====== Source records

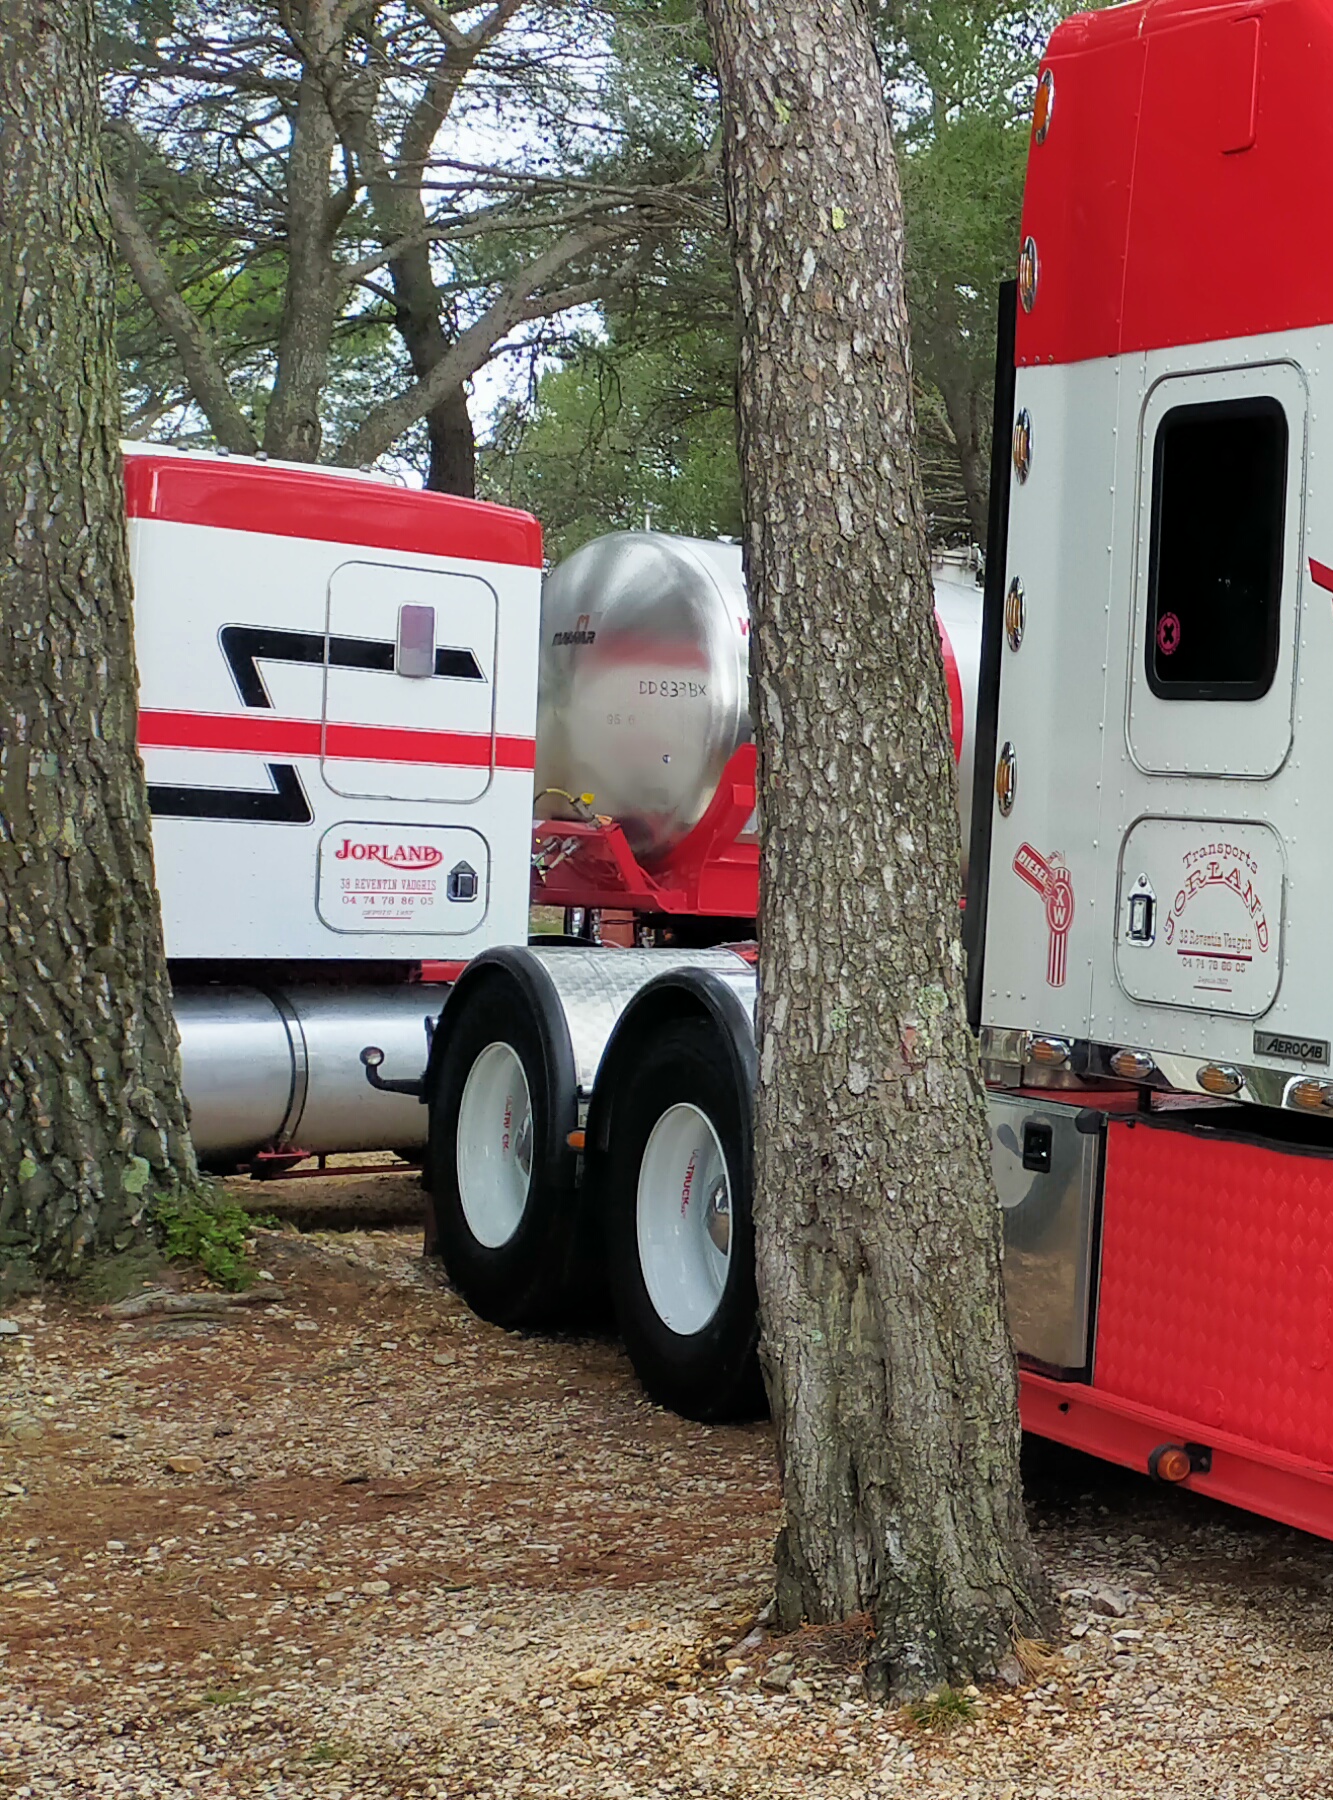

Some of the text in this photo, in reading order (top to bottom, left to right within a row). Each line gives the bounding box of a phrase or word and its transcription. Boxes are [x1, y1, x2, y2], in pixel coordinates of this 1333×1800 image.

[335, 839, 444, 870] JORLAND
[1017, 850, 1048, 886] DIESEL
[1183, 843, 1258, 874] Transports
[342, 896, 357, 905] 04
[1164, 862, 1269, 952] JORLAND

============

▶ What this task involves: Repeat every record precisely. Any picture among them stays out of the copy.

▶ Response to the task:
Some of the text in this photo, in reading order (top to bottom, left to right within a row). Each line gives the bounding box of a phrase or word and its transcription. Boxes are [x1, y1, x2, y2], in pixel coordinates of this 1333×1800 image.

[335, 839, 444, 870] JORLAND
[1017, 850, 1048, 886] DIESEL
[1183, 843, 1258, 874] Transports
[342, 896, 357, 905] 04
[1164, 862, 1269, 952] JORLAND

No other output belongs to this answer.